Records shown:
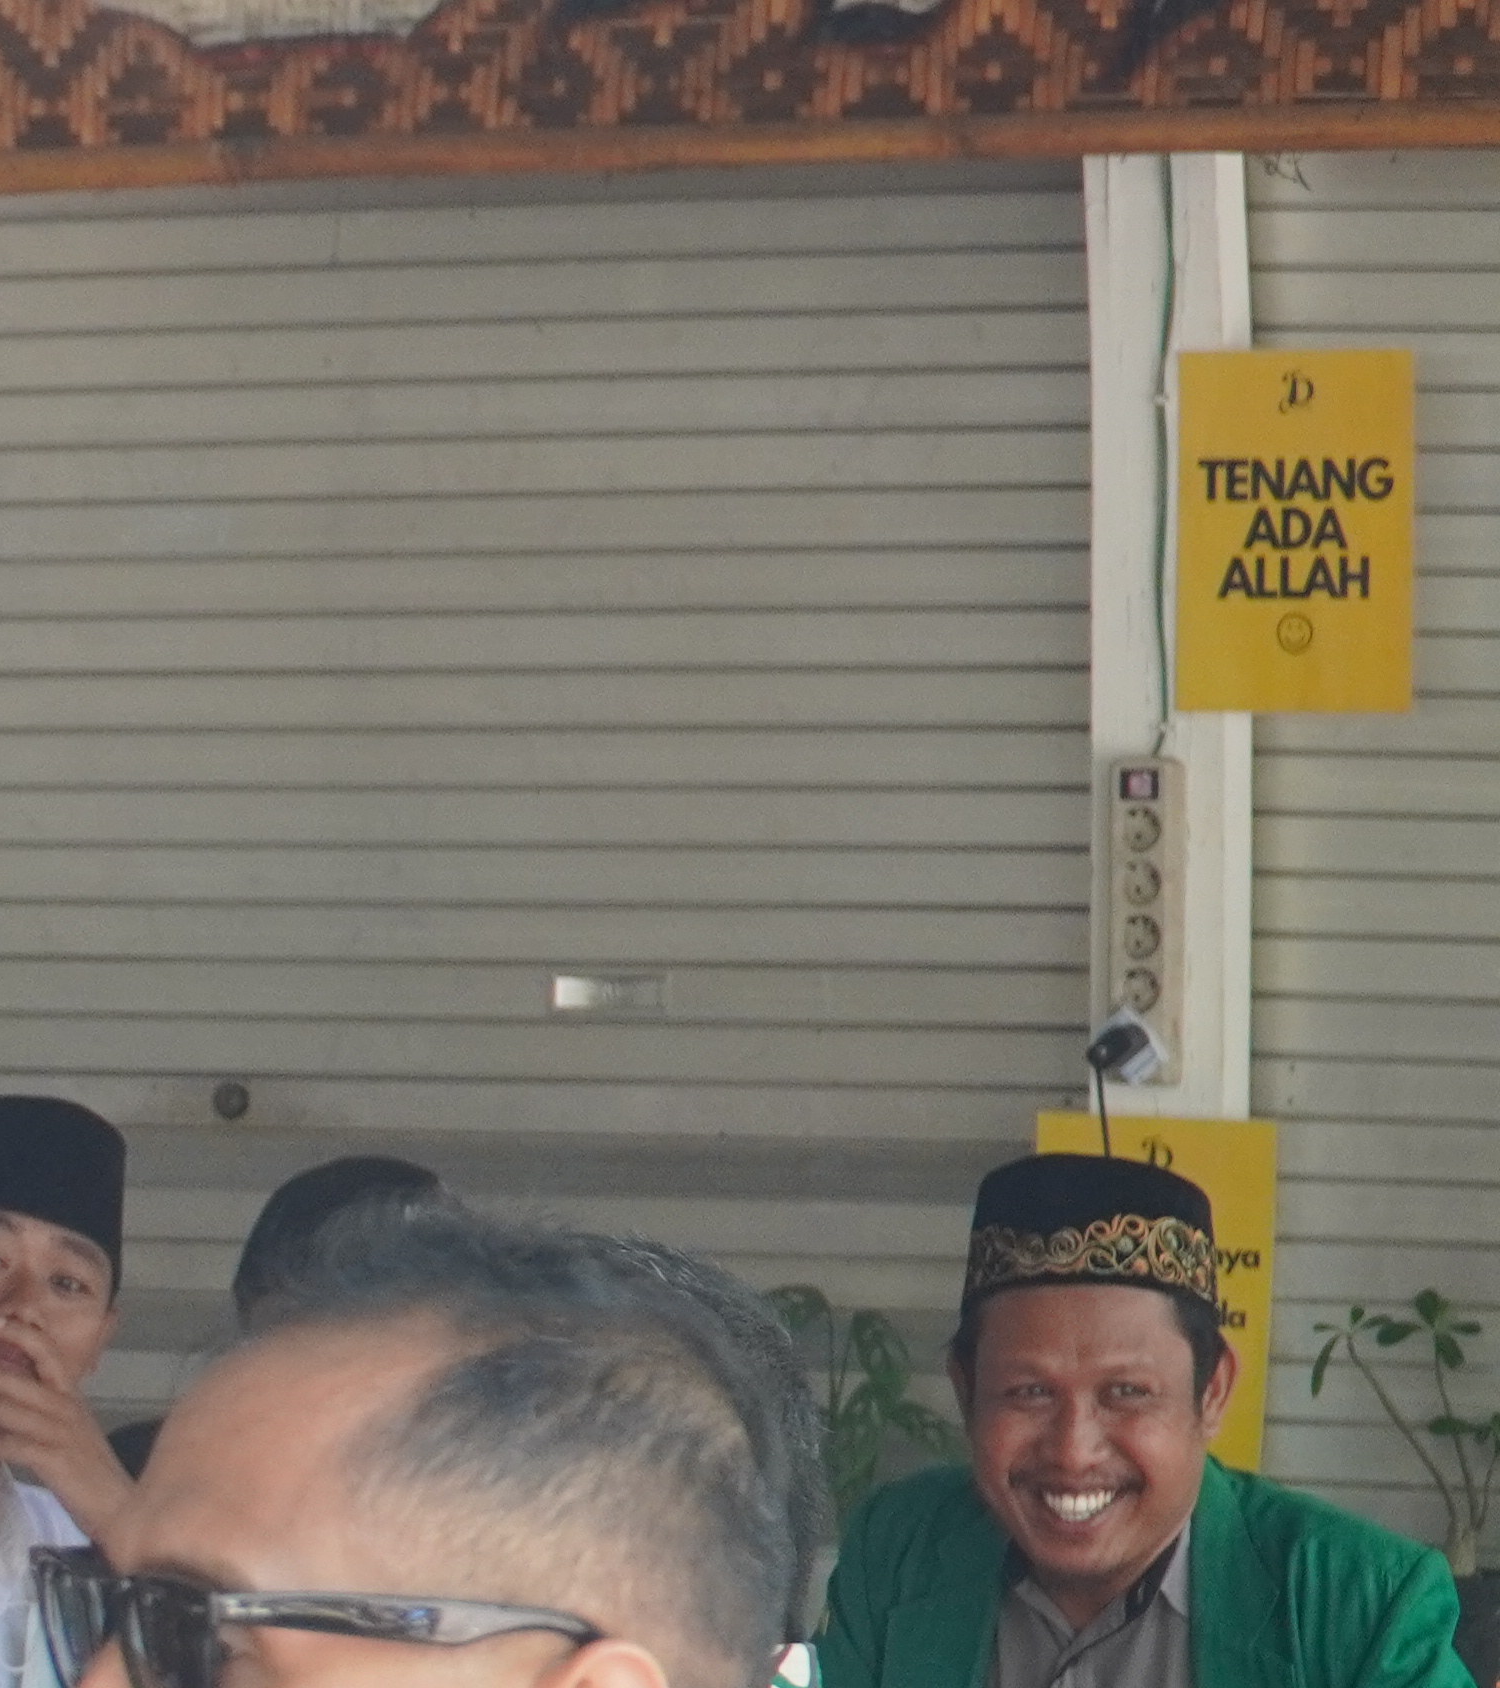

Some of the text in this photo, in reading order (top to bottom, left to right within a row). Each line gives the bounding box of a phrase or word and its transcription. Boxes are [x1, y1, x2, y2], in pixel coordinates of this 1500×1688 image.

[1197, 456, 1395, 502] TENANG
[1244, 506, 1348, 550] ADA
[1217, 555, 1370, 600] ALLAH
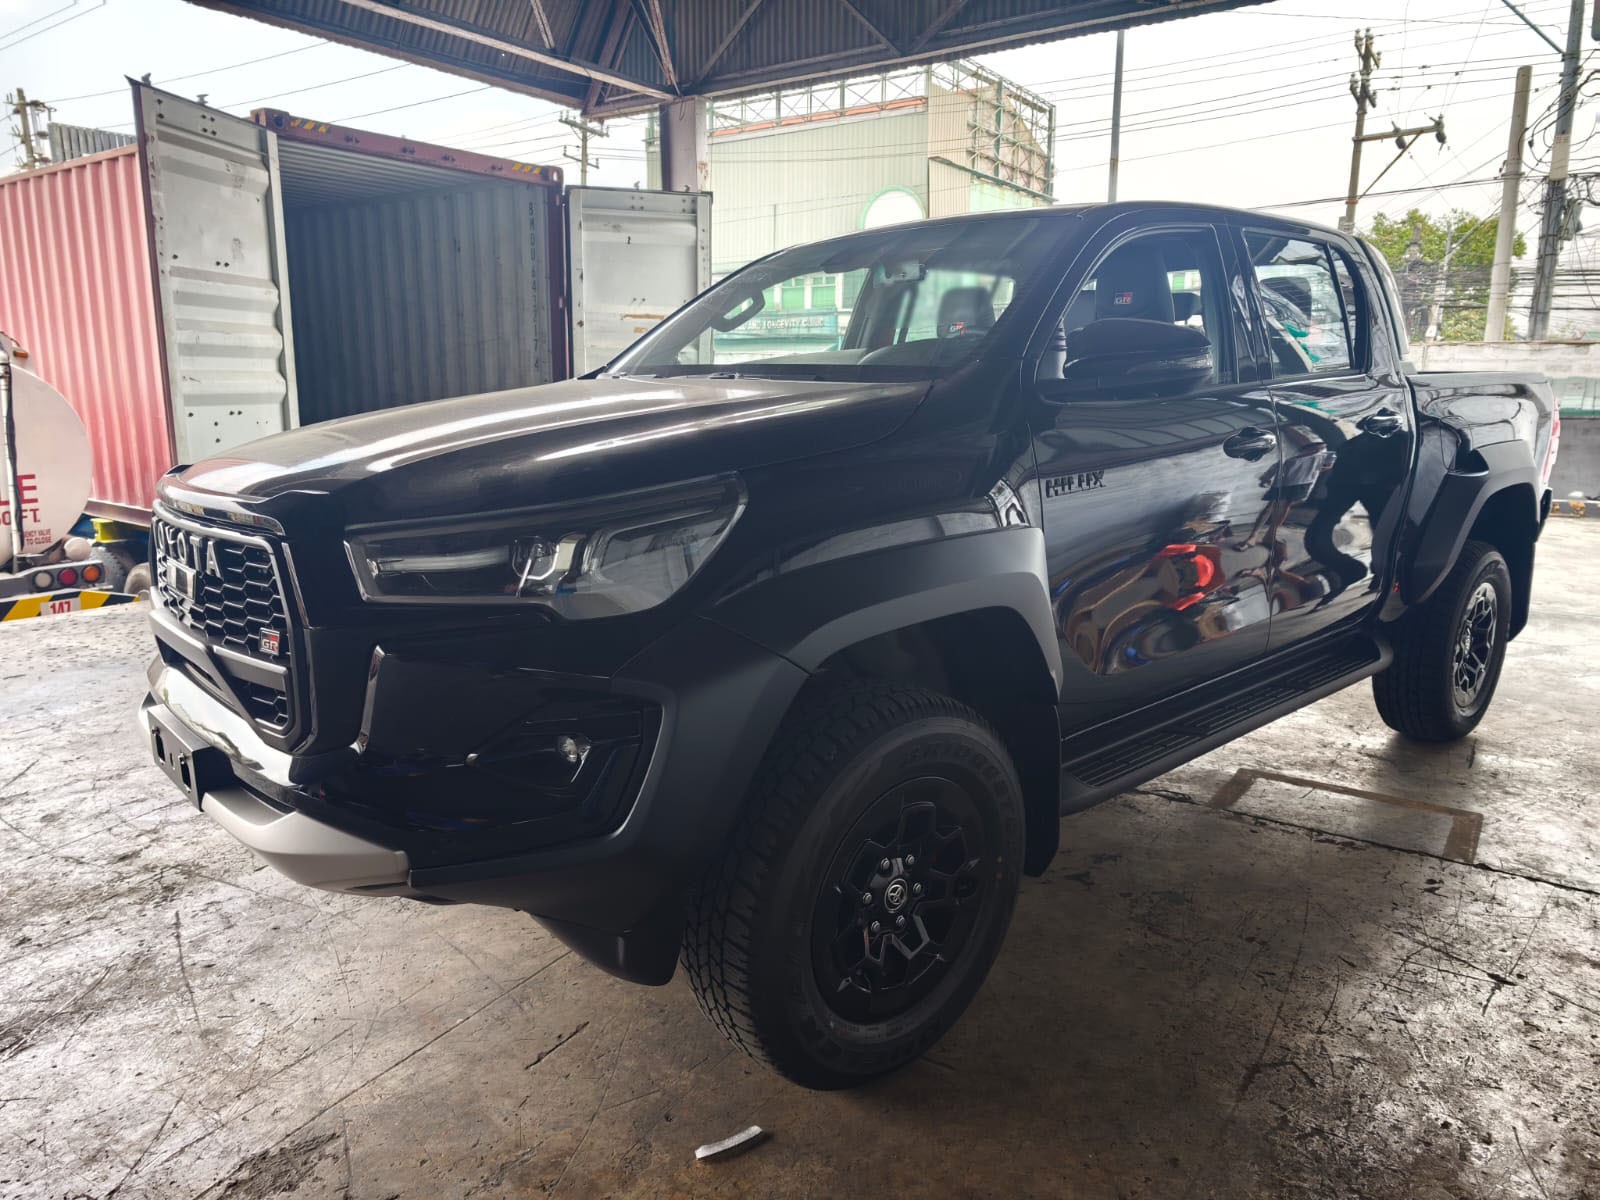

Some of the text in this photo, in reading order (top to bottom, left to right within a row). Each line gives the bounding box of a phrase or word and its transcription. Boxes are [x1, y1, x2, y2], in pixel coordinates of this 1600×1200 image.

[802, 318, 824, 329] CLINIC
[35, 536, 52, 545] CLOSE
[50, 600, 71, 614] 147

Exercise aim: Beginning with the line that holds "this 1600×1200 image." and ending with the last line of the material, retype each line exactly and output nothing else.

Finished exercise:
Some of the text in this photo, in reading order (top to bottom, left to right within a row). Each line gives the bounding box of a phrase or word and its transcription. Boxes are [x1, y1, x2, y2], in pixel coordinates of this 1600×1200 image.

[802, 318, 824, 329] CLINIC
[35, 536, 52, 545] CLOSE
[50, 600, 71, 614] 147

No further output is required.